1.      Recommendations with regard to management of the Mental Retardation/Learning Disabilities Fund and Program:

·         Illinois Subordinate Councils, Assemblies, Chapters, etc. should use the phrase Helping People with Mental Retardation  on all aprons, canisters, etc. rather than “Help the Mentally Retarded”, and

·         Subordinate Councils must be encouraged to be more diligent and thorough in researching the organizations they support.  To assist Subordinate Councils  in this effort, the Illinois K of C Charities, Inc. should:

à        Modify the Disbursement Request form to clearly indicate that a correct mailing address {Name, Street, City, Zip) must be part of the request and that Illinois K of C Charities, Inc. will not issue checks until such information is provided .

à        Beginning with Fraternal Year 2000,  a request for additional information letter should be included with each check issued [Attached].  This letter will ask each organization receiving funding to provide its charitable tax ID number and to identify the type of mental  disability program (psychiatric disability, retardation, learning disability, cognitive impairment, or other) supported.  Letters need not be sent annually in subsequent years once the organization has provided the requested information.  Organizations failing to provide the requested documentation may not be funded in future years.

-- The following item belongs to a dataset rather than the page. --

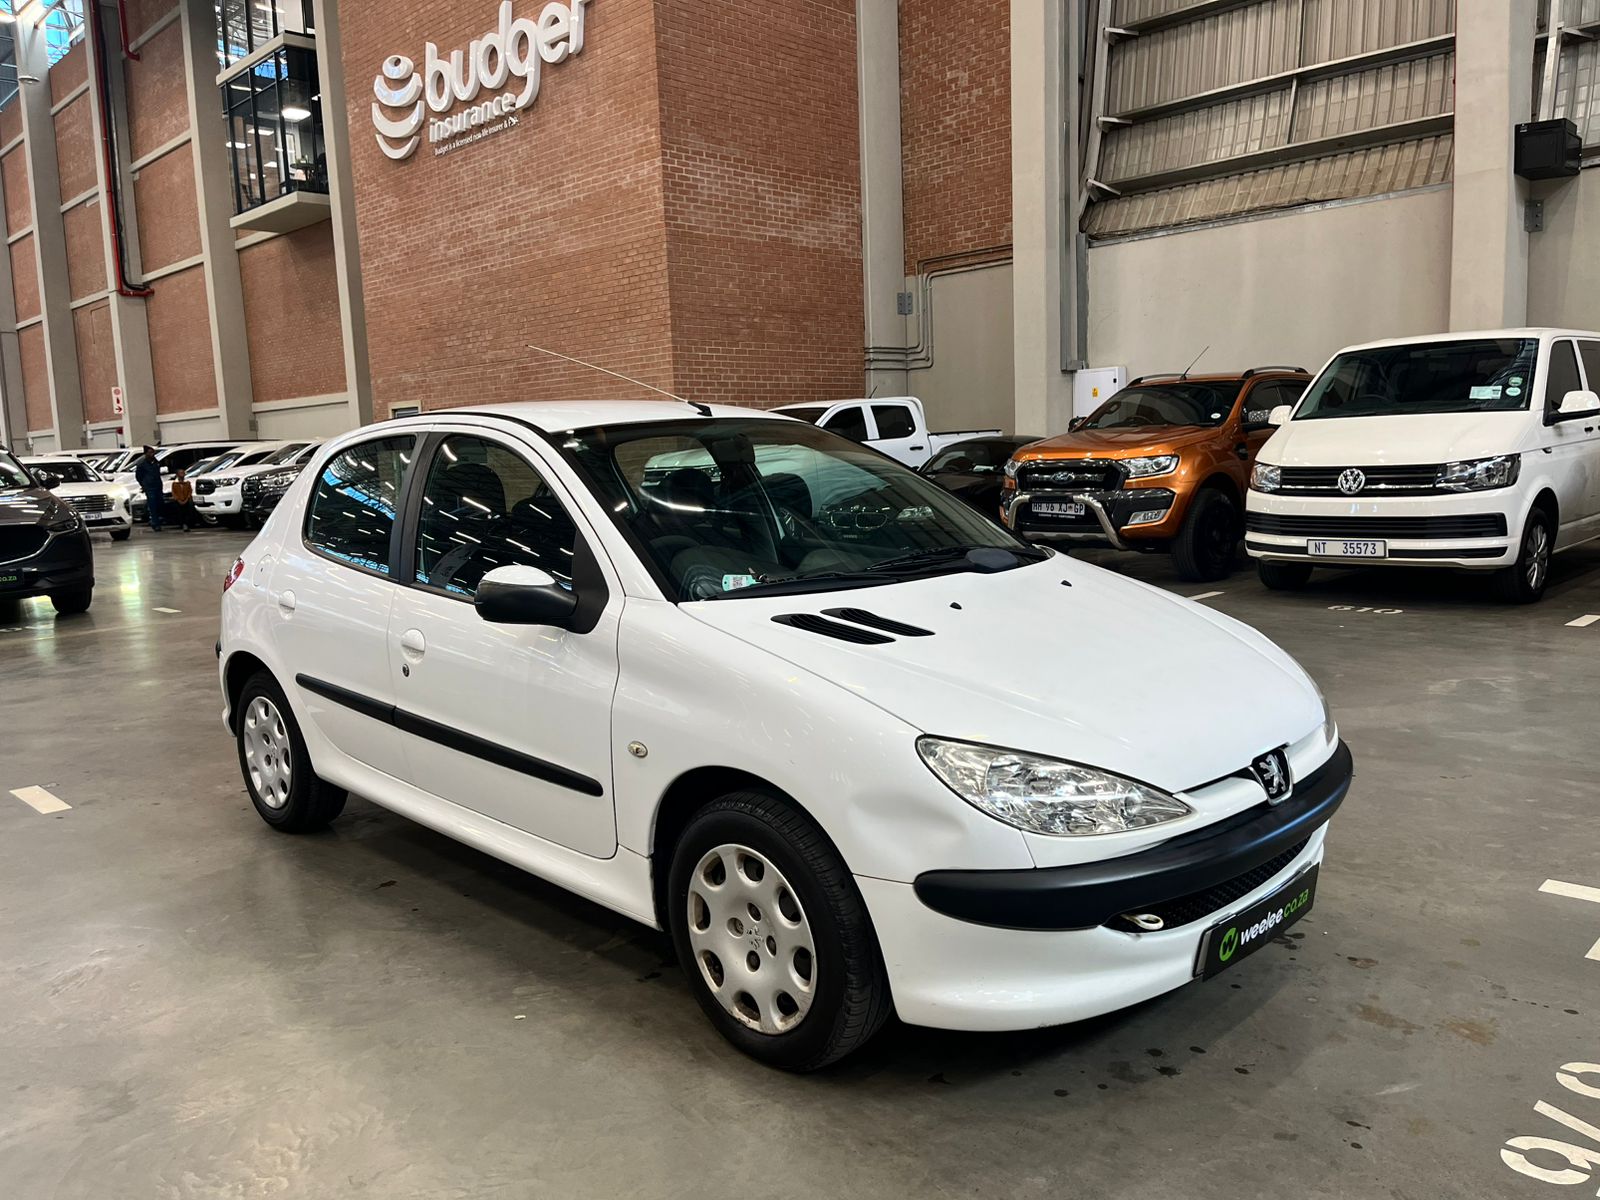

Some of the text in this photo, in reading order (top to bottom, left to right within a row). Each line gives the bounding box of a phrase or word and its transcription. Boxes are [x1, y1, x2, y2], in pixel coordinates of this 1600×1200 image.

[429, 92, 516, 143] insurance
[1315, 542, 1377, 555] NT 35573

à        Organizations receiving funding from Subordinate Councils should be listed with total dollar amounts received in the Annual Report of Illinois K of C Charities, Inc. which is included in the Annual Convention delegate packets. This listing could serve as a handy and quick reference guide to qualified organizations for Subordinate Councils.

à        Just as importantly, we need to follow proper guidelines in referring to people with mental retardation and/or disabilities.  This is especially important in our informational literature and when speaking about people with mental retardation and/or disabilities.  Guidelines have been issued by Special Olympics, National Catholic Office for Persons with Disabilities, the University of Kansas Research And Training Center on Independent Living, and The Arc (formerly Association for Retarded Citizens of the United States), and internationally recognized programs serving individuals with mental retardation. They reflect input from over 100 national disability organizations and have been reviewed and endorsed by media and disability experts throughout the country.  Copies of these guidelines should be made available to Subordinate Councils.

 

REFERENCES

 

1.       Knights of Columbus.  Getting Your Message Across, K of C Public Relations & Publicity Guide #2235, Supreme Council Fraternal Services, One Columbus Plaza, New haven, CT.  06510-3325.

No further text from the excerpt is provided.